Before you return the lines below, strip out any images and keep every word as written.
====== Data shown
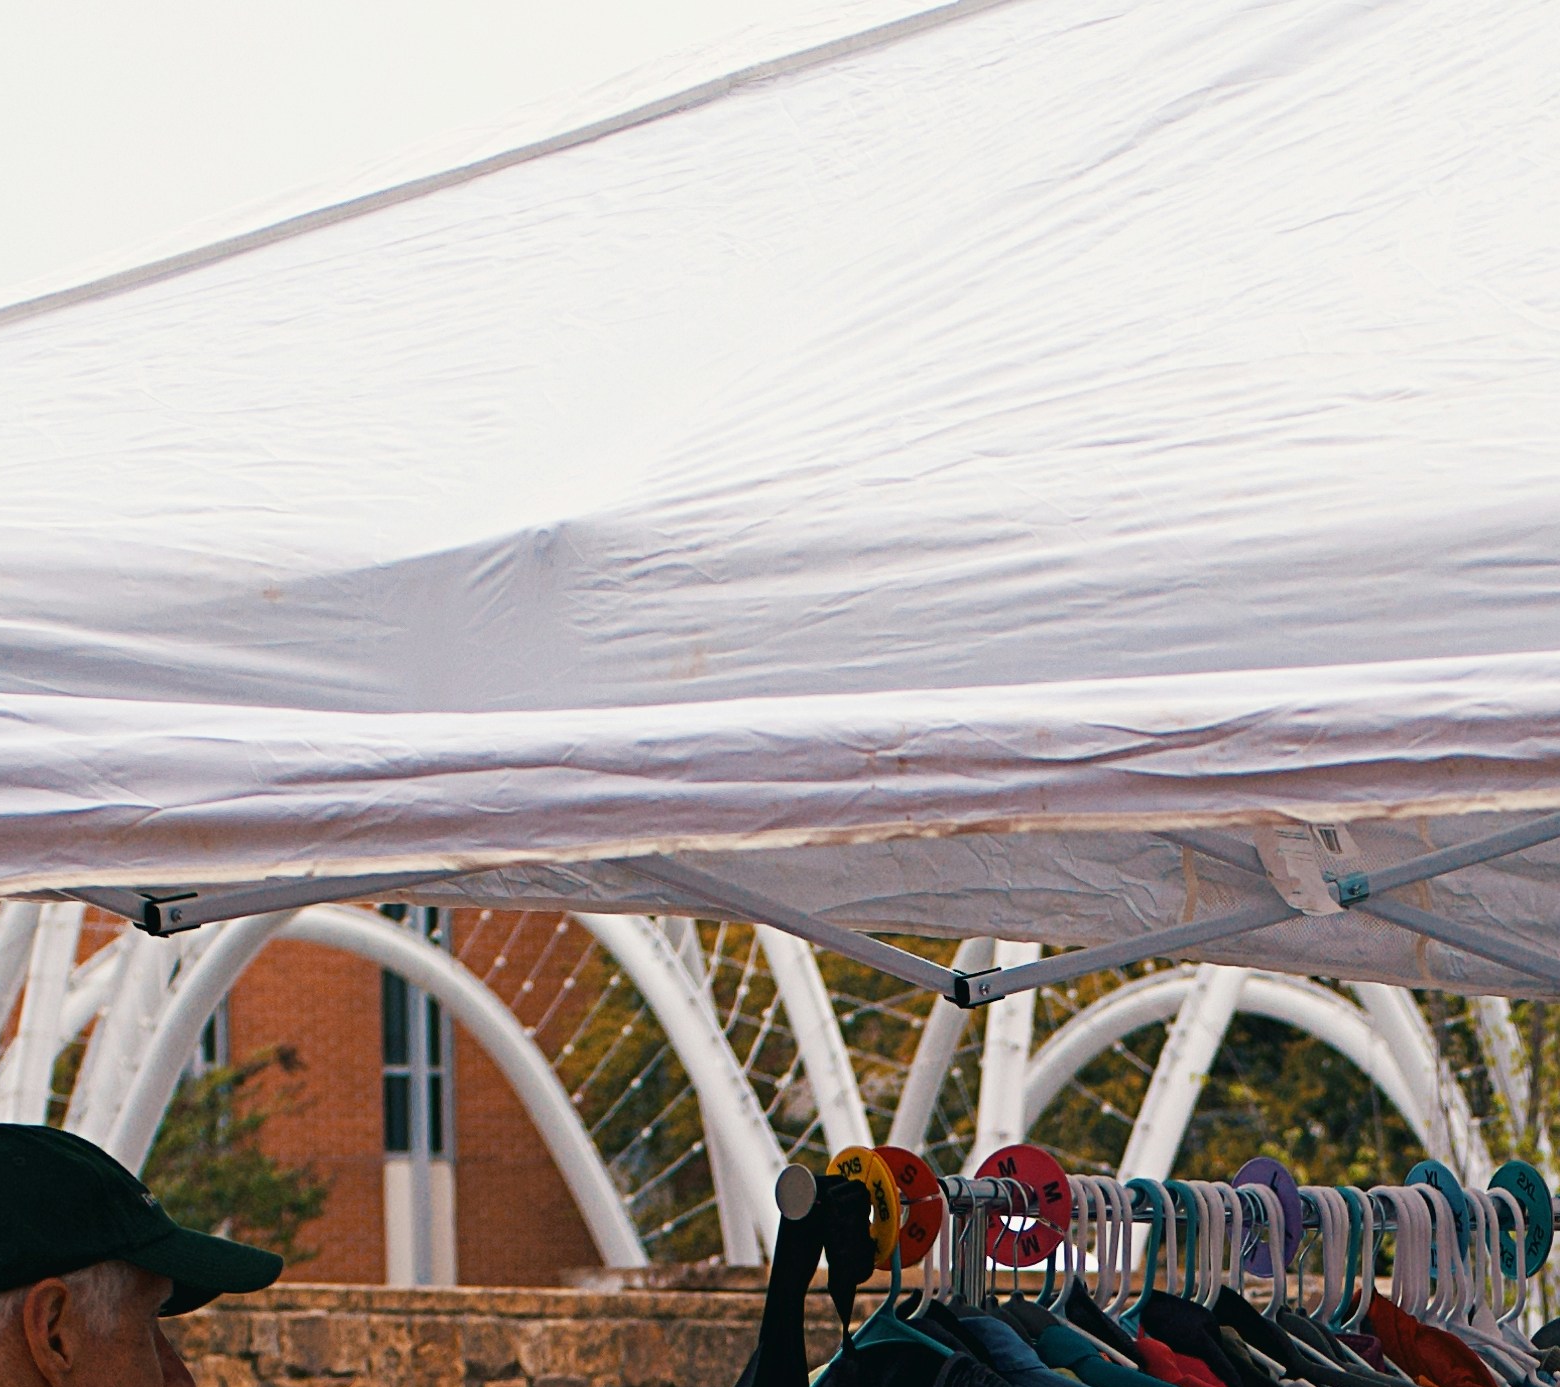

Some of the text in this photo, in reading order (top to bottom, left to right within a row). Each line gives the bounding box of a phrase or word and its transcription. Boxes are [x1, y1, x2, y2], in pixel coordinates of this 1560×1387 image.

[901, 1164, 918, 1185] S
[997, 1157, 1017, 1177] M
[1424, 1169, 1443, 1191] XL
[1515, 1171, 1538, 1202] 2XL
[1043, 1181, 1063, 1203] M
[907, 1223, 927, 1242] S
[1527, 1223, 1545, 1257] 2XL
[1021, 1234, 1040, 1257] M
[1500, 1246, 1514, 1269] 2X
============
Answer to the exercise –
Some of the text in this photo, in reading order (top to bottom, left to right within a row). Each line gives the bounding box of a phrase or word and its transcription. Boxes are [x1, y1, x2, y2], in pixel coordinates of this 1560×1387 image.

[901, 1164, 918, 1185] S
[997, 1157, 1017, 1177] M
[1424, 1169, 1443, 1191] XL
[1515, 1171, 1538, 1202] 2XL
[1043, 1181, 1063, 1203] M
[907, 1223, 927, 1242] S
[1527, 1223, 1545, 1257] 2XL
[1021, 1234, 1040, 1257] M
[1500, 1246, 1514, 1269] 2X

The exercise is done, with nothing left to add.